------ Data in this exercise ------
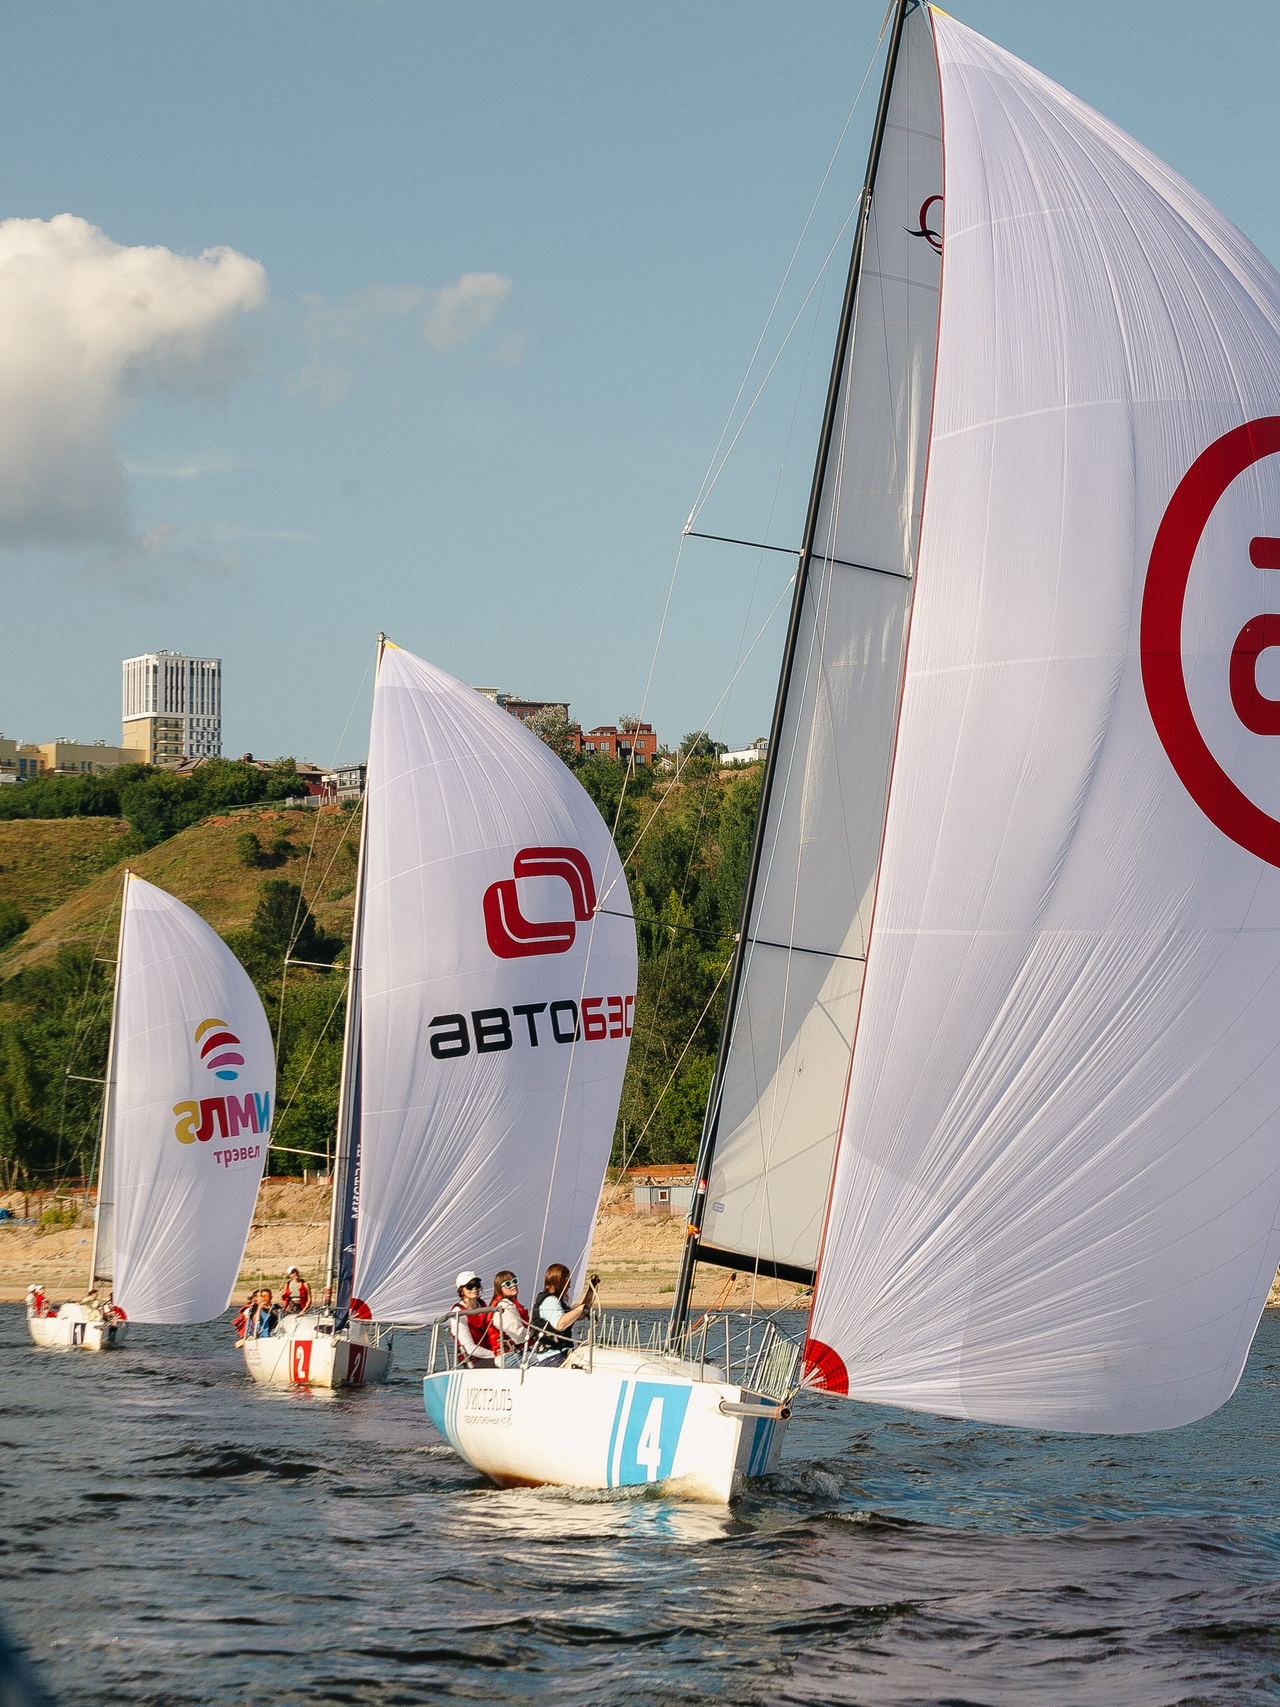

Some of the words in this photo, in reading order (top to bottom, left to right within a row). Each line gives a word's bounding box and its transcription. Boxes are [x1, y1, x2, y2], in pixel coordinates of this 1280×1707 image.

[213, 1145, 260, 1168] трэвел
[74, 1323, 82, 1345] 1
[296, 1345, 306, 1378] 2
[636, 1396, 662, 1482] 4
------
Instructions to follow — Reproduce the entire listing exactly, but omit any pictures.

Solution to this task —
Some of the words in this photo, in reading order (top to bottom, left to right within a row). Each line gives a word's bounding box and its transcription. Boxes are [x1, y1, x2, y2], in pixel coordinates of this 1280×1707 image.

[213, 1145, 260, 1168] трэвел
[74, 1323, 82, 1345] 1
[296, 1345, 306, 1378] 2
[636, 1396, 662, 1482] 4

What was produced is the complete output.